• Strong ties bind spy agencies and Silicon Valley | Reuters
    http://www.reuters.com/article/2013/07/03/us-usa-security-siliconvalley-idUSBRE96214I20130703

    Former U.S. officials and intelligence sources say the collaboration between the tech industry and spy agencies is both broader and deeper than most people realize, dating back to the formative years of #Silicon_Valley itself.

    #surveillance #silicon_army #plo

    HISTORY OF SHARED INTERESTS

    The close and symbiotic relationship between U.S. tech companies and government defense and intelligence agencies is frequently underplayed in the mythology of Silicon Valley. Defense contracts were its lifeblood through much of the 1950s and 1960s. Frederick Terman, who led Allied radio-jamming efforts in World War II, came to Stanford University with grant money and counted the founders of Hewlett-Packard Co among his students.

    Varian Associates and other startups, many with ties to Stanford, got their start in the 1950s with military contracts for microwave and vacuum-tube technologies that were used in aerospace projects. In the 1960s, government space and defense programs, especially the Minuteman missile effort, were the biggest customers for the Valley’s expensive integrated circuit computer chips.
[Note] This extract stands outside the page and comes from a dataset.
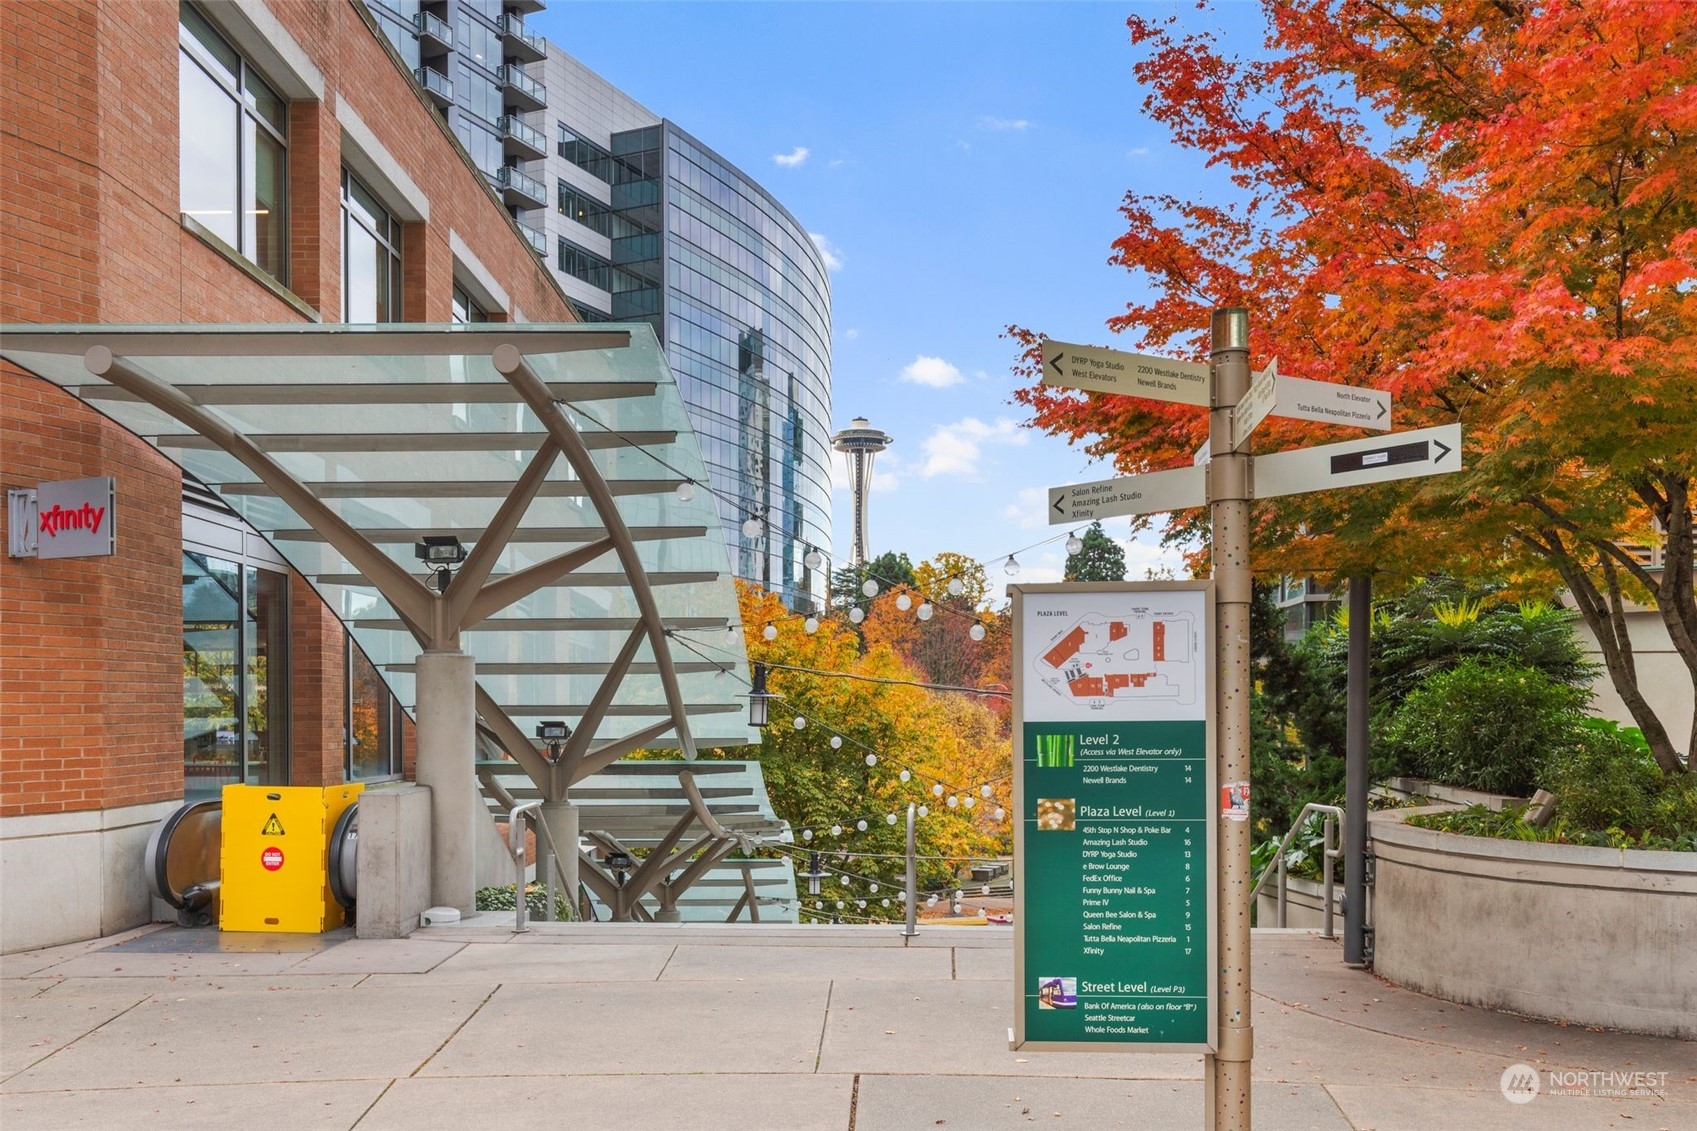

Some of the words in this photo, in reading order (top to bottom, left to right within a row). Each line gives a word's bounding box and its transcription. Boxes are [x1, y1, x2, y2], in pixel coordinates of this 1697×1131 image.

Database software maker Oracle Corp’s first customer was the CIA.

    “The birth of Silicon Valley was solving defense problems,” said Anup Ghosh, whose cybersecurity firm Invincea Inc was launched in 2009 with funding from the Pentagon’s Defense Advanced Research Projects Agency.

    #DARPA, which initially funded what became the Internet out of a desire for a communications network that would survive a nuclear attack, has intensified its work on Internet security in recent years and recently launched a “fast-track” program to get smaller amounts of money to startups more quickly.

    Federal cybersecurity spending is expected to reach $11.9 billion next year, up from $8.6 billion in 2010, according to budget analysts at Deltek.